First, we examined the run-to-run reproducibility within a single platform for Xenium and MERSCOPE, finding that the total transcript count of all shared genes was highly correlated across data sets acquired with different panels, regardless of the tissue of origin (Supplementary Fig. 1a). We also examined the pseudo-bulk gene expression correlation for cores from the same patient in the same dataset and found that correlation was high (Pearson’s r => 0.7) in almost all cases (Supplementary Fig. 1b–c), indicating good sample-to-sample reproducibility within a given platform.
To evaluate the relative sensitivity of each platform, we plotted the total transcript counts of every shared gene between all combinations of platform and panel, summed across all matched cores. We found generally linear relationships between all pairs of platforms (Fig. 2a–c, Supplementary Fig. 2). Xenium consistently showed higher expression levels on the same genes than CosMx in the tumor TMA, with the Xenium breast having 14.6-fold more counts than the CosMx multi-tissue data sets (Fig. 2a). The Xenium multi-tissue panel data showed a slightly smaller difference, with 12.3-fold higher expression on the same genes (Fig. 2a), while the lung panel, which was acquired closest in time following slicing, also displayed a median of 14.0-fold higher expression (Fig. 2a). MERSCOPE showed higher expression levels than CosMx when using the breast (10 μm) panel (median of 5.4-fold higher), and comparable expression levels even when using the lung (5 μm) panel (median of 1.1-fold) (Fig. 2b). Finally, Xenium showed 2.6-fold higher median expression with the breast panels (10 μm) than MERSCOPE, and 13.6-fold higher median expression with the lung panels (5 μm) (Fig. 2c). In the normal tissue TMA, we found that results were generally consistent, except that the MERSCOPE breast panel showed decreased transcript counts relative to the same panel in the tumor TMA (Supplementary Fig. 2b–c), which is consistent with this TMA being unsuccessful for MERSCOPE. Considering the overall higher transcripts per cell across platforms for the tumor TMA (Supplementary Table 4), this suggests that the ability to detect transcripts falls off more strongly with sample quality with MERSCOPE, altering the performance relative to CosMx but not Xenium. Examining the CosMx as compared to Xenium data also revealed an upward curve in the lower expression regime indicative of higher-than-expected calls associated with the low expression regime by CosMx (Supplementary Fig. 2a).
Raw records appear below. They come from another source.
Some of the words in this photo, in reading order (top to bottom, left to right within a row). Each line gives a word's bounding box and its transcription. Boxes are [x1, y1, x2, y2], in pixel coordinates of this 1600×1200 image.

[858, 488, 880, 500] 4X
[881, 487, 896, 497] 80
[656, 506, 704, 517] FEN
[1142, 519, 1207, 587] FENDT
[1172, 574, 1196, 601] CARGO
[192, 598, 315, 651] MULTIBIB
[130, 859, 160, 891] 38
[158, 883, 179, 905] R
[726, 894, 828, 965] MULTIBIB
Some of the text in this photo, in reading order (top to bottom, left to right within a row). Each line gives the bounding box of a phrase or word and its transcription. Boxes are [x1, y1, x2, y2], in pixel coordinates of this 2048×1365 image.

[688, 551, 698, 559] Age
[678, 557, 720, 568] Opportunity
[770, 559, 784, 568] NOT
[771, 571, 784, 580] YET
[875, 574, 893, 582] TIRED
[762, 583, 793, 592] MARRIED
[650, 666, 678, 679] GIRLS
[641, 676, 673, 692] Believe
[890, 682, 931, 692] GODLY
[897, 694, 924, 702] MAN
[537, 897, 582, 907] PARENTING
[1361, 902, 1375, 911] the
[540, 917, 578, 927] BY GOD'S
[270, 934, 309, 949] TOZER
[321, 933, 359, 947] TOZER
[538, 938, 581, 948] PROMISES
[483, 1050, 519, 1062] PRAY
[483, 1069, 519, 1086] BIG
Figure 2: Technical performance comparison of iST platforms grouped by tissue types.
(a) Scatter plots of summed gene expression levels (on a logarithmic scale) of every shared gene between Xenium (breast/lung) and CosMx (1k) data, captured from matched tumor TMA cores. Each data point corresponds to a gene. (b) Same as (a) but between MERSCOPE (breast/lung) and CosMx(1k). (c) Same as (a) but between Xenium(breast/lung) and MERSCOPE(breast/lung). (d) Same as (a) but between Xenium(multi-tissue) and CosMx(1k). (e) Bar plot of percentage of all transcripts corresponding to genes relative to the total number of calls (including negative control probes and unused barcodes) averaged across cores of the same tissue type. Results are presented by panel including breast, lung, and multi-tissue panels from Xenium; breast and lung panels from MERSCOPE; and multi-tissue 1k panel from CosMx. (f) Bar plot of false discovery rate (FDR) where FDR(%) = (blank barcode calls / total transcript calls) x (Number of panel genes /Number of blank barcode) x 100. FDR values were log10 transformed to better show the differences between panels. (g) Same as (f) but using negative control probes to replace blank barcodes. MERSCOPE is missing in this bar plot as it does not have negative control probes by design. (h) Bar plot of number of genes detected above noise, estimated as two standard deviations above average of the negative control probes. (i) Same as (h) but normalized to the number of genes in a panel. † denotes the MERSCOPE lung panel acquired with a 5 μm imaging thickness.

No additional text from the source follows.